Ma che sa il cuore? Appena un poco di quello che è già accaduto.

(A.Manzoni, “I Promessi Sposi”)

 

 

Il portone blindato del palazzo si chiude con un tonfo alle nostre spalle. Io e Codrina ci guardiamo in silenzio, le parole ferme in gola. Vorrei spiegare, vorrei rassicurare, ma non riesco a dare ordine ai pensieri, e, prima che possa aprire bocca, due addetti dei Giochi, un uomo e una donna, ci sospingono in un corridoio poco illuminato. Brevemente ci spiegano che più tardi riceveremo le visite di congedo dei parenti che ne faranno richiesta, e che la partenza per Capitol City è prevista per il pomeriggio. Prima che possa dire qualcosa, l'uomo mi fa entrare in una stanza, e quando mi volto, Codrina è già sparita, condotta dalla donna verso un altro locale più avanti. La porta si richiude, e in trasparenza intravedo l'ombra di un Pacificatore che vi si piazza davanti.

Sento alcune voci in corridoio ancora per un po', poi più niente. Il silenzio mi ronza nelle orecchie, mentre resto in piedi in mezzo alla stanza. Non molto ampia, è spartanamente arredata con un ampio tavolo, tre sedie, e quello che sembra un divanetto basso. La luce del pallido sole filtra dalla finestra, che però non si può aprire.

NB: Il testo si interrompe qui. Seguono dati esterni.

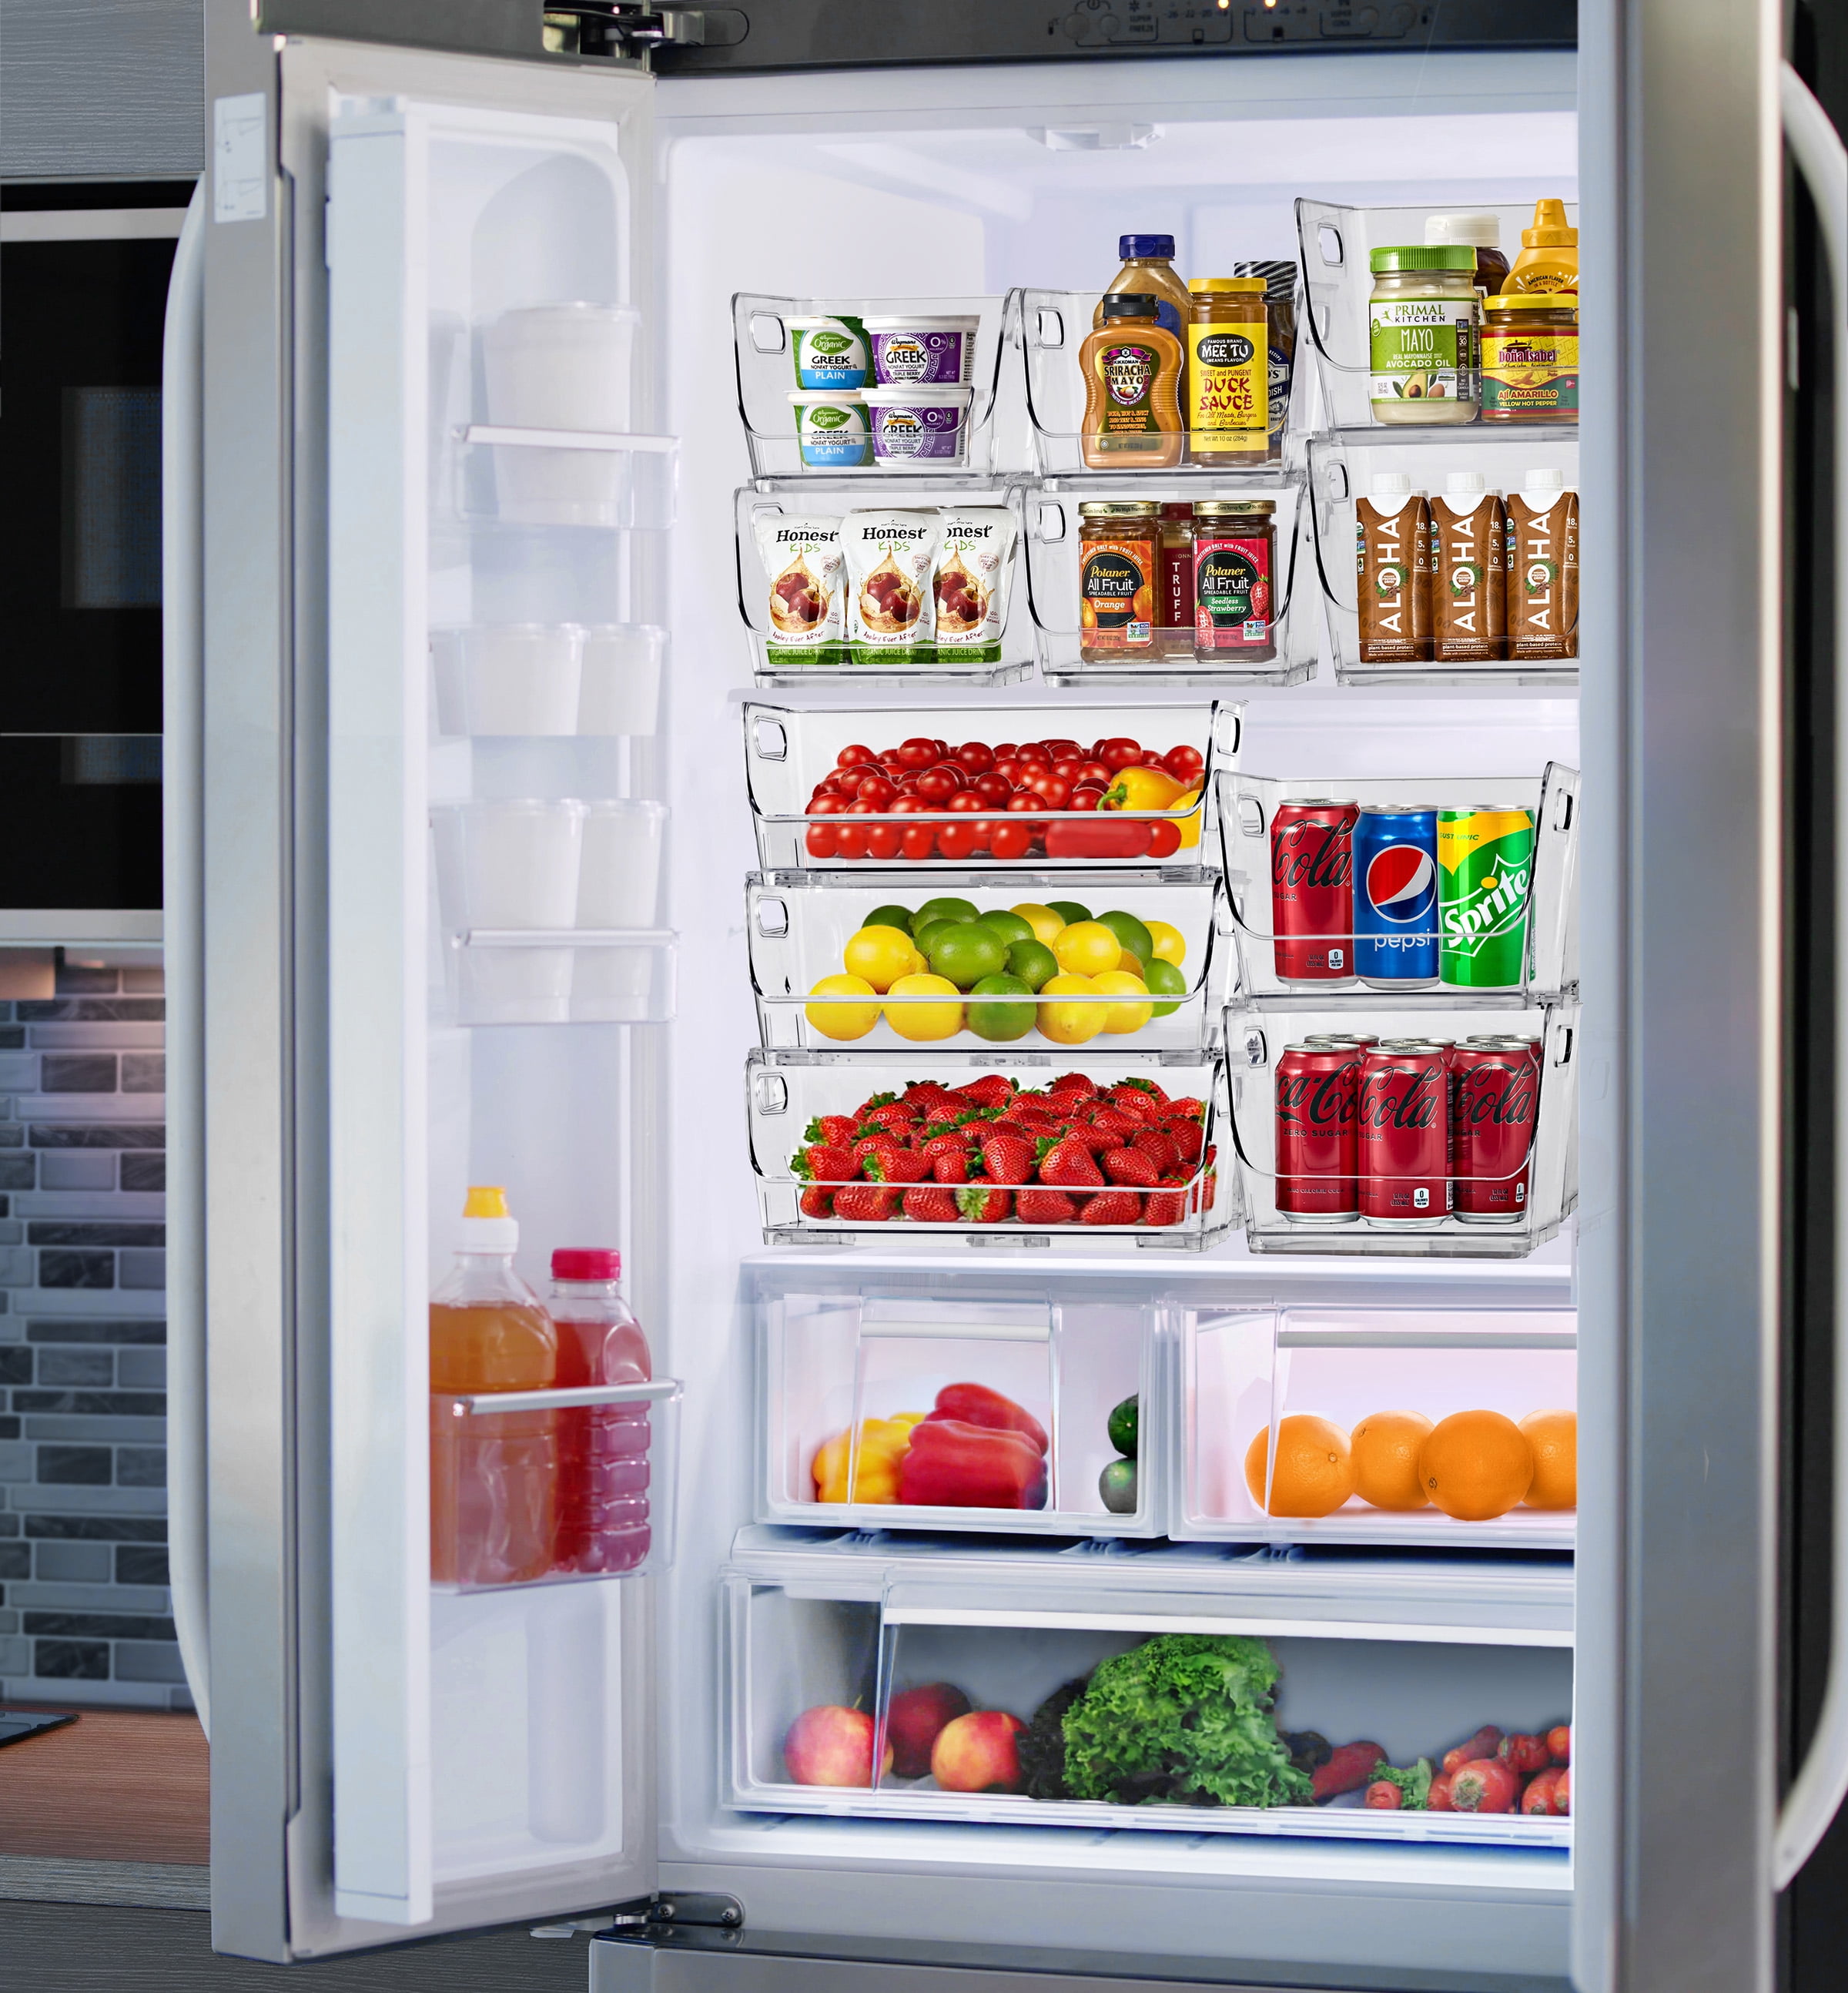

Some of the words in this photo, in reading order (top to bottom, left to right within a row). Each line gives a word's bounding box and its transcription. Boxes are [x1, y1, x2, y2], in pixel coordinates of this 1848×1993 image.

[1528, 274, 1548, 286] AMERICAN
[1395, 304, 1445, 316] PRIMAL
[892, 338, 916, 347] Wegmans
[1401, 328, 1434, 352] MAYO
[886, 350, 926, 363] GREEK
[1201, 344, 1227, 357] MEE
[1230, 344, 1249, 357] TU
[1269, 349, 1282, 361] RECIPE
[1499, 349, 1524, 363] Doña
[1525, 349, 1557, 362] Isabel
[812, 355, 850, 364] GREEK
[1386, 360, 1432, 368] AVOCADO
[1104, 365, 1152, 376] SRIRACHA
[1111, 376, 1144, 385] MAYO
[1204, 377, 1251, 394] DUCK
[1511, 390, 1558, 399] AMARILLO
[1199, 394, 1254, 411] SAUCE
[889, 411, 912, 421] Wegmans
[1237, 410, 1257, 421] Burgers
[883, 424, 922, 437] GREEK
[776, 529, 839, 543] Honest
[862, 527, 927, 540] Honest
[1119, 546, 1133, 556] FRUIT
[1132, 554, 1143, 566] JUICE
[1234, 544, 1248, 554] FRUIT
[1247, 551, 1259, 564] JUICE
[1568, 553, 1574, 561] 0
[1090, 565, 1130, 578] Polaner
[1205, 564, 1246, 577] Polaner
[1377, 517, 1402, 633] ALOHA
[1451, 515, 1476, 632] ALOHA
[1528, 512, 1551, 629] ALOHA
[1088, 578, 1100, 591] All
[1203, 578, 1215, 590] All
[1172, 562, 1182, 621] TRUFF
[1094, 600, 1125, 610] Orange
[1207, 605, 1247, 613] Strawberry
[772, 631, 788, 643] Appley
[790, 634, 804, 642] Ever
[863, 631, 882, 643] Appley
[882, 634, 897, 642] Ever
[949, 634, 963, 642] Ever
[1273, 816, 1357, 888] Cola
[1445, 869, 1528, 949] Sprite
[1374, 928, 1431, 952] pepsi
[1334, 951, 1338, 960] 0
[1358, 1065, 1442, 1129] Cola
[1452, 1060, 1535, 1124] Cola
[1284, 1128, 1307, 1137] ZERO
[1311, 1129, 1348, 1137] SUGAR
[1419, 1190, 1424, 1198] 0
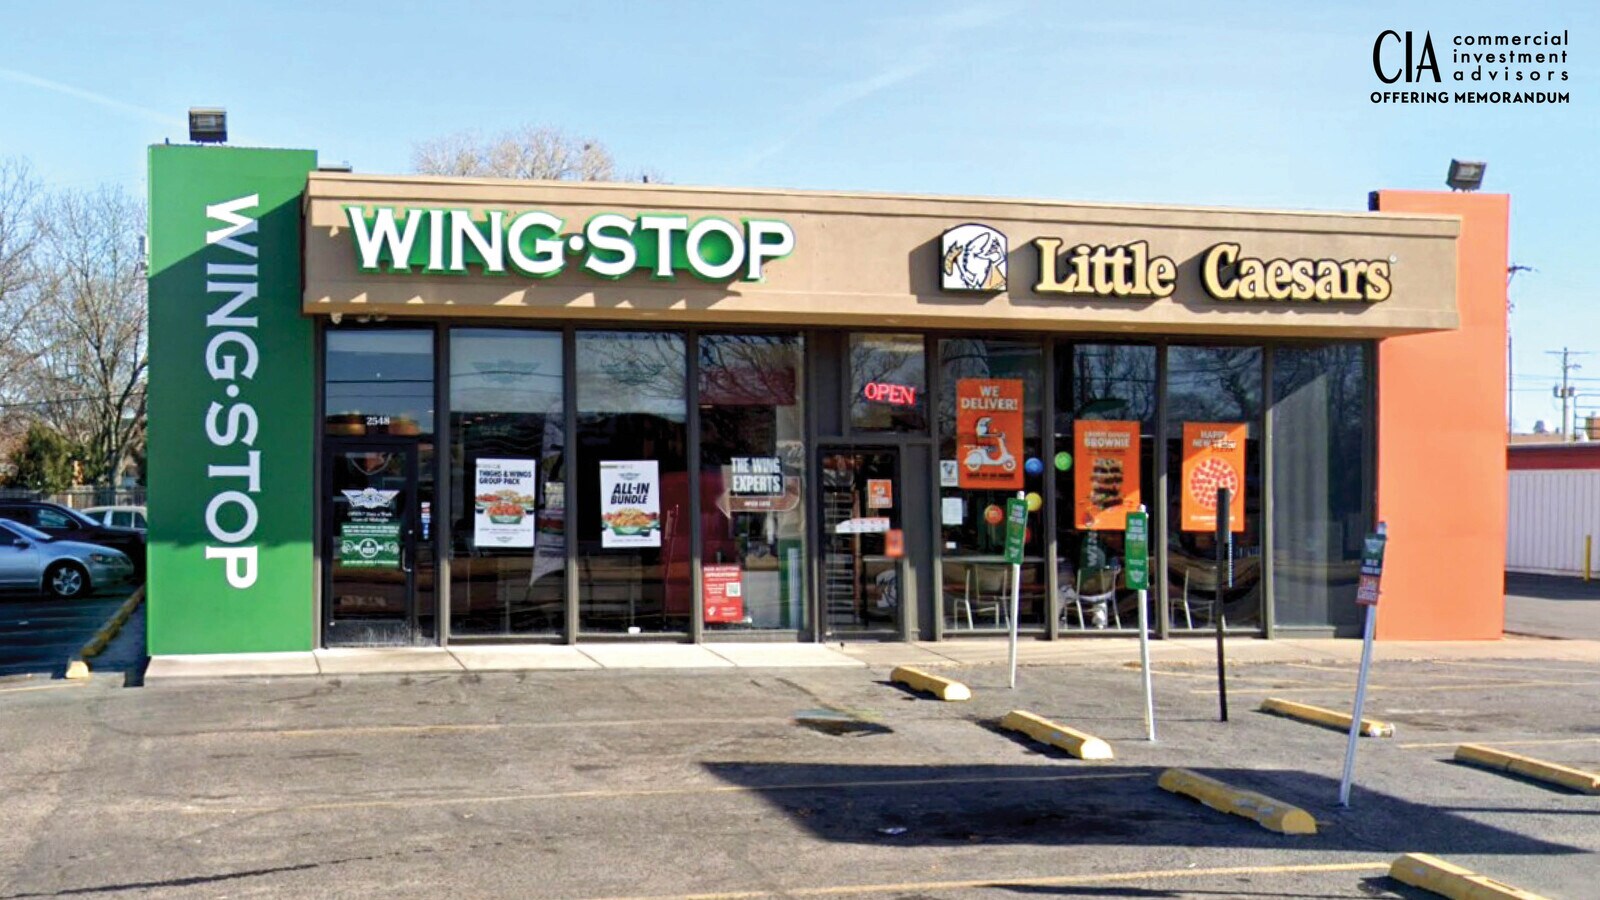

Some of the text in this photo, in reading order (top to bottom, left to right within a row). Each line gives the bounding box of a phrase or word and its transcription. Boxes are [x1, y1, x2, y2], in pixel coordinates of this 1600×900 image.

La confusione che fino a un attimo fa mi regnava sovrana in testa lascia pian piano il posto alla consapevolezza di ciò che ho appena fatto. Mi sono offerta volontaria. Agli Hunger Games.

Devo ripetermelo più volte, perchè per ora non ha molto più senso di “dieci elefanti si dondolavano sopra il filo di una ragnatela”. Ho le vertigini. Fermate questa cosa, riavvolgete il nastro, voglio tornare indietro, indietro nel tempo. Cosa ho fatto??? Io non sono un tributo, l'arena è un macello, io non ho la minima possibilità! Forse potrò dire che è stato un errore...? Io non ho fatto niente, è stato qualcosa, qualcosa che non mi appartiene che mi ha spinto mi ha fatto parlare io non...

Mi lascio cadere su una delle sedie, perchè le gambe sembrano improvvisamente di ricotta. Riesco appena a tirare il fiato, e un altro pensiero è un altro pugno nello stomaco: i miei genitori. Io mi sono offerta, senza pensare, senza riflettere. Loro hanno visto tutto. Come si sentiranno in questo momento? Il senso di colpa va a unirsi alla paura, pungente come un ago. Mio padre è forte, ce la farà. Ma mia madre? Il suo incubo si è avverato, e l'ho fatto avverare io...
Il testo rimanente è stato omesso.